#### [Activity]
Word for word, the data below must be repeated in full; no picture is to be included.

# # # # # # #

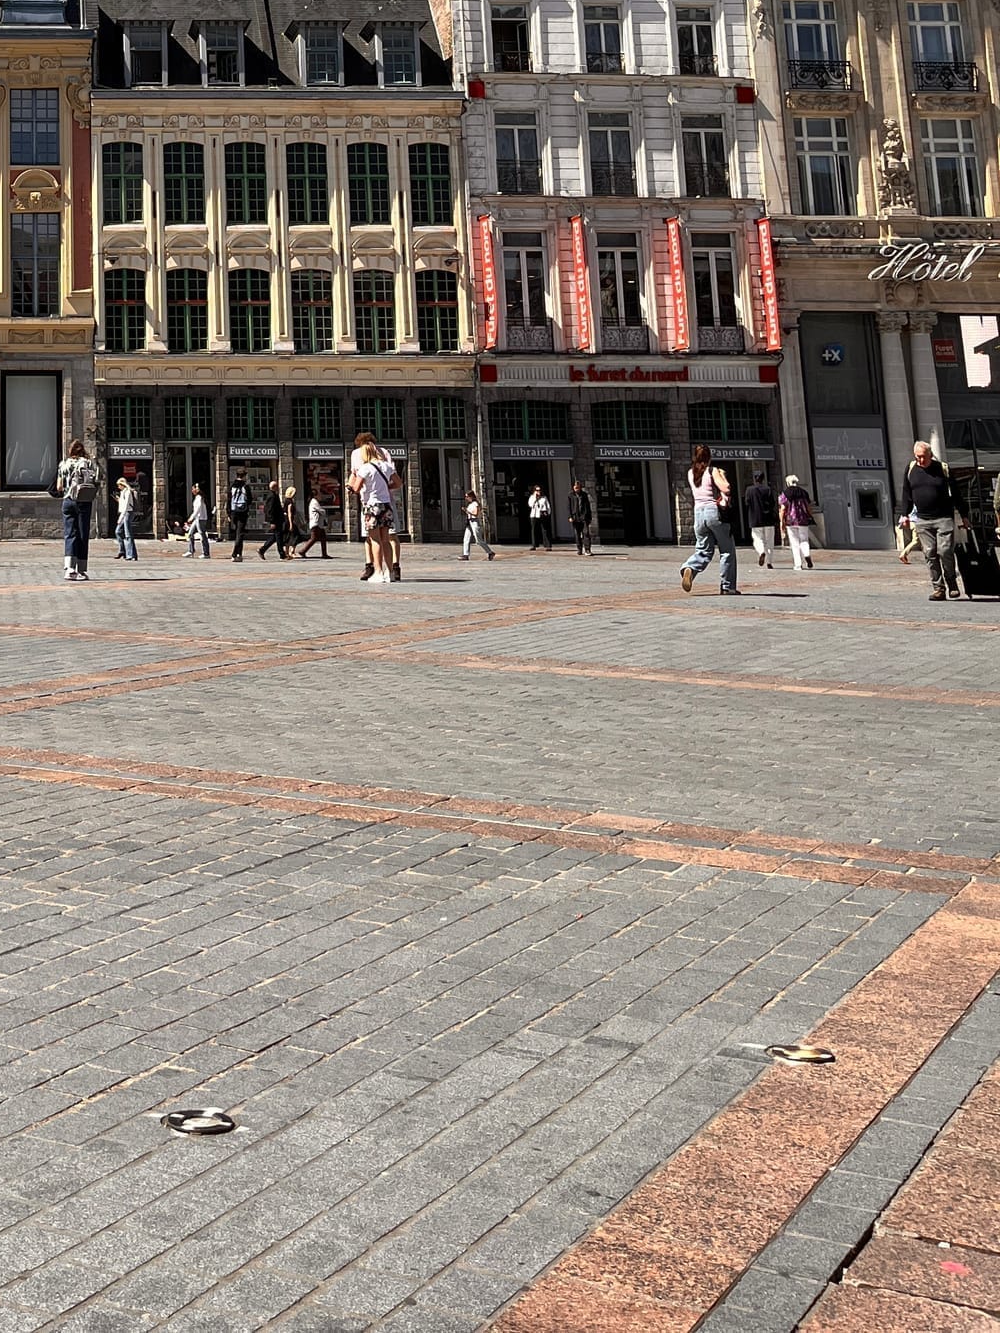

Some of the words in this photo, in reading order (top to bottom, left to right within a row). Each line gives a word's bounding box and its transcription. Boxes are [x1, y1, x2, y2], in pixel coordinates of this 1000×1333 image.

[482, 221, 491, 263] nord
[572, 222, 582, 264] nord
[668, 223, 680, 265] nord
[758, 223, 770, 266] nord
[867, 242, 984, 282] Hôtel
[484, 267, 494, 291] du
[576, 268, 585, 292] du
[674, 269, 682, 294] du
[764, 270, 774, 294] du
[579, 295, 588, 344] Furet
[676, 298, 685, 345] Furet
[766, 297, 778, 346] Furet
[569, 364, 585, 382] le
[586, 364, 628, 382] furet
[113, 446, 147, 456] Presse
[229, 446, 277, 456] Furet.com
[510, 447, 555, 456] Librairie
[600, 448, 623, 456] Livres
[624, 448, 665, 456] d'occasion
[710, 448, 759, 458] Papeterie
[856, 459, 884, 467] LILLE
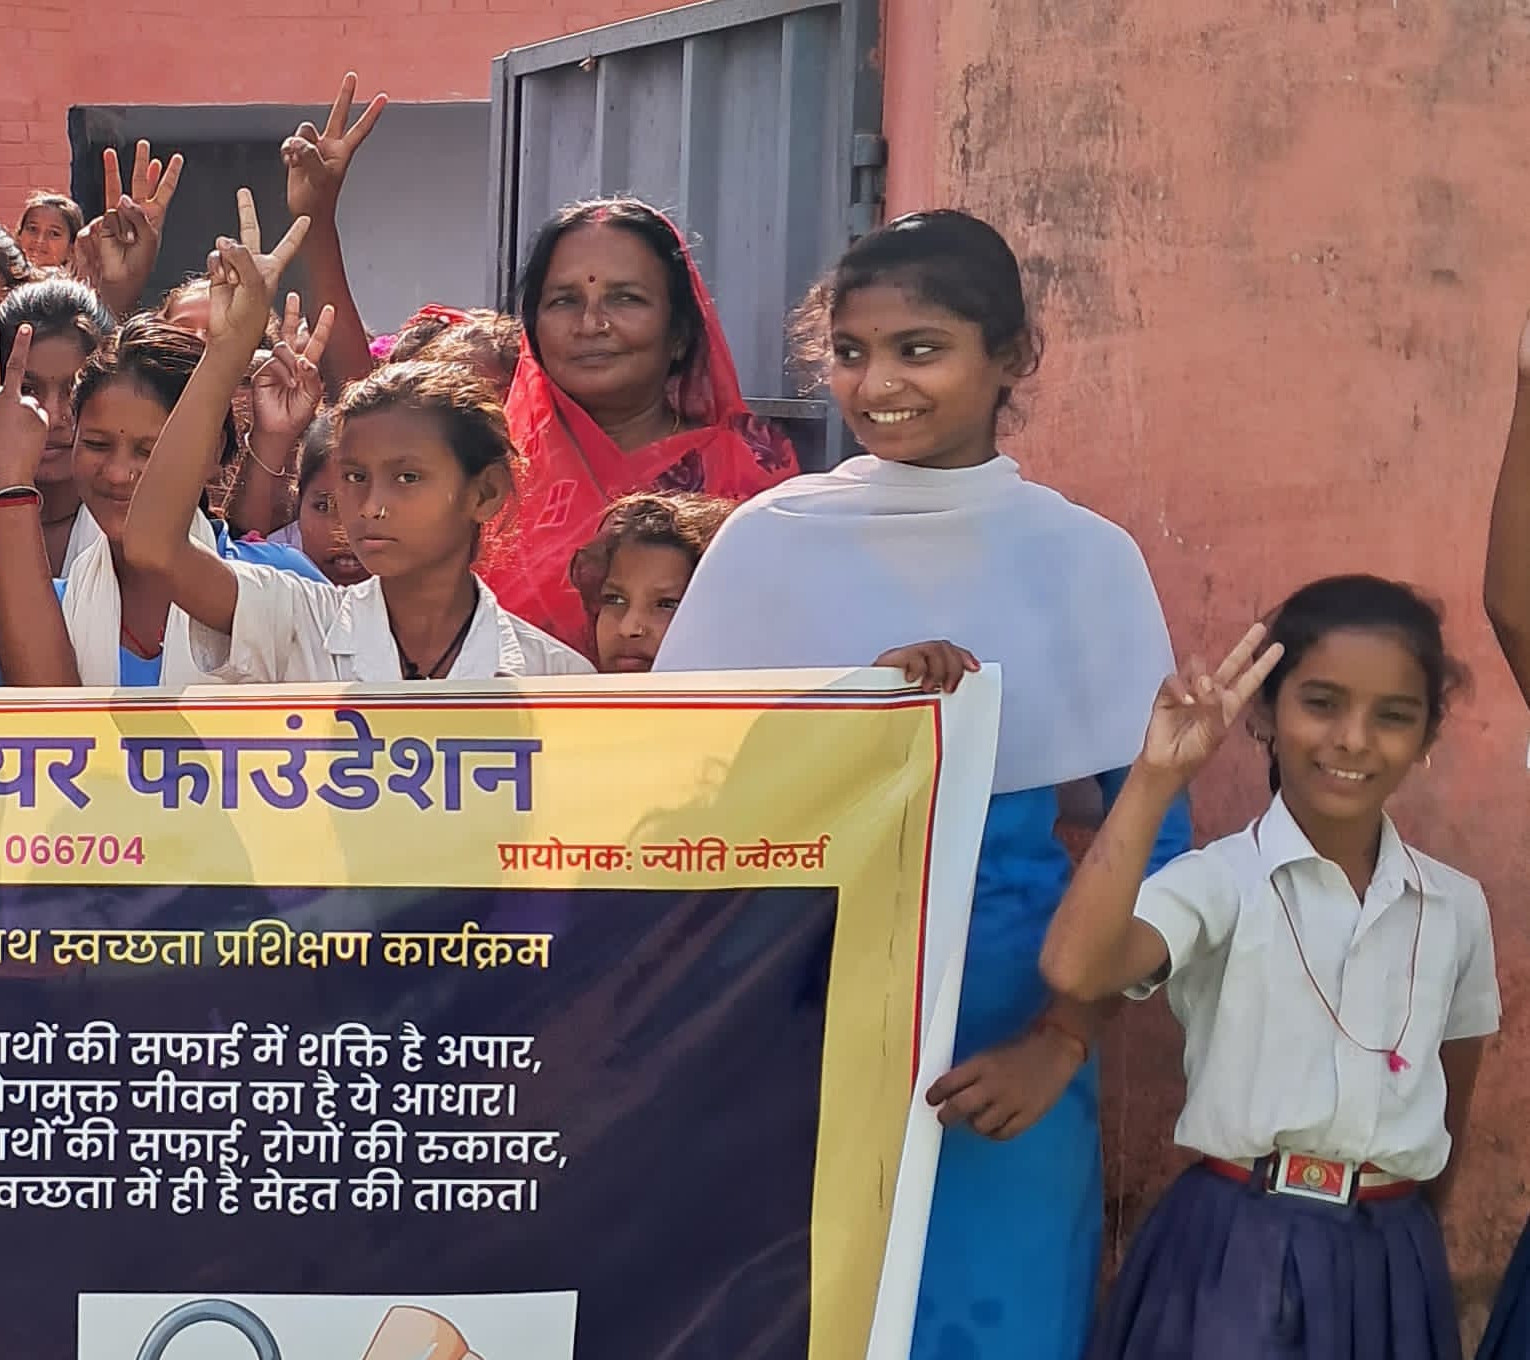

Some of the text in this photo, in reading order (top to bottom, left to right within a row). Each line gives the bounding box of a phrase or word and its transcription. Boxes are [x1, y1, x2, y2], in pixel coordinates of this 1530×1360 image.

[122, 711, 544, 813] फाउंडेशन
[4, 835, 145, 865] 066704
[640, 838, 728, 872] ज्योति
[734, 834, 830, 870] ज्वेलर्स
[51, 930, 204, 966] स्वच्छता
[214, 919, 371, 969] प्रशिक्षण
[381, 922, 553, 969] कार्यक्रम
[64, 1021, 121, 1065] की
[128, 1022, 248, 1069] सफाई
[251, 1024, 290, 1066] में
[297, 1022, 392, 1068] शक्ति
[399, 1021, 426, 1072] है
[436, 1035, 543, 1074] अपार,
[129, 1070, 242, 1114] जीवन
[249, 1081, 305, 1115] का
[312, 1070, 340, 1120] है
[347, 1073, 381, 1117] ये
[63, 1117, 119, 1162] की
[126, 1119, 249, 1169] सफाई,
[260, 1121, 347, 1164] रोगों
[351, 1119, 407, 1165] की
[124, 1167, 163, 1210] में
[168, 1166, 208, 1214] ही
[216, 1165, 242, 1214] है
[250, 1168, 341, 1215] सेहत
[349, 1167, 405, 1211] की
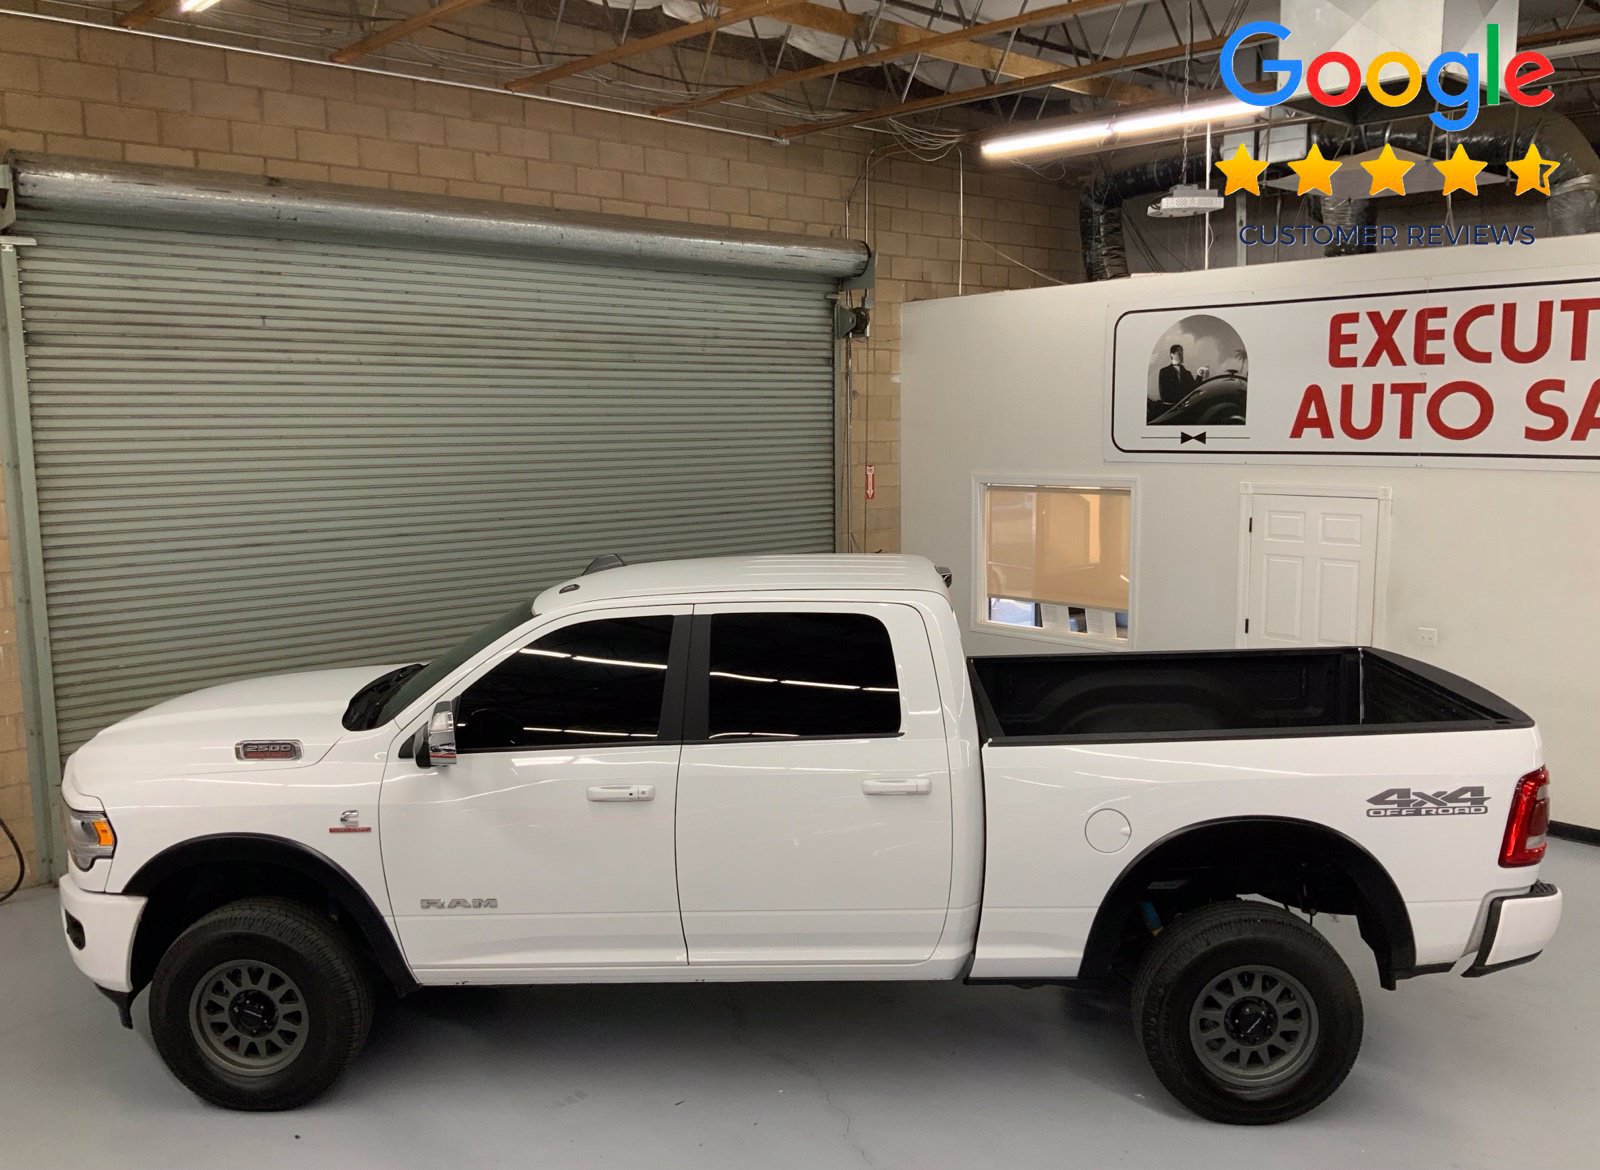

# # # # # # #

#### [Output of the task]
Some of the words in this photo, in reading order (top to bottom, left to right within a row). Each line gives a word's bounding box and its transcription. Boxes are [x1, y1, x2, y2], in pixel coordinates of this 1000×1333 image.

[482, 221, 491, 263] nord
[572, 222, 582, 264] nord
[668, 223, 680, 265] nord
[758, 223, 770, 266] nord
[867, 242, 984, 282] Hôtel
[484, 267, 494, 291] du
[576, 268, 585, 292] du
[674, 269, 682, 294] du
[764, 270, 774, 294] du
[579, 295, 588, 344] Furet
[676, 298, 685, 345] Furet
[766, 297, 778, 346] Furet
[569, 364, 585, 382] le
[586, 364, 628, 382] furet
[113, 446, 147, 456] Presse
[229, 446, 277, 456] Furet.com
[510, 447, 555, 456] Librairie
[600, 448, 623, 456] Livres
[624, 448, 665, 456] d'occasion
[710, 448, 759, 458] Papeterie
[856, 459, 884, 467] LILLE

Some of the text in this photo, in reading order (top to bottom, left to right within a row). Each line gives the bounding box of a phrase or word and its transcription. Boxes are [x1, y1, x2, y2], in pixel coordinates of this 1530×1360 image.

[122, 711, 544, 813] फाउंडेशन
[4, 835, 145, 865] 066704
[640, 838, 728, 872] ज्योति
[734, 834, 830, 870] ज्वेलर्स
[51, 930, 204, 966] स्वच्छता
[214, 919, 371, 969] प्रशिक्षण
[381, 922, 553, 969] कार्यक्रम
[64, 1021, 121, 1065] की
[128, 1022, 248, 1069] सफाई
[251, 1024, 290, 1066] में
[297, 1022, 392, 1068] शक्ति
[399, 1021, 426, 1072] है
[436, 1035, 543, 1074] अपार,
[129, 1070, 242, 1114] जीवन
[249, 1081, 305, 1115] का
[312, 1070, 340, 1120] है
[347, 1073, 381, 1117] ये
[63, 1117, 119, 1162] की
[126, 1119, 249, 1169] सफाई,
[260, 1121, 347, 1164] रोगों
[351, 1119, 407, 1165] की
[124, 1167, 163, 1210] में
[168, 1166, 208, 1214] ही
[216, 1165, 242, 1214] है
[250, 1168, 341, 1215] सेहत
[349, 1167, 405, 1211] की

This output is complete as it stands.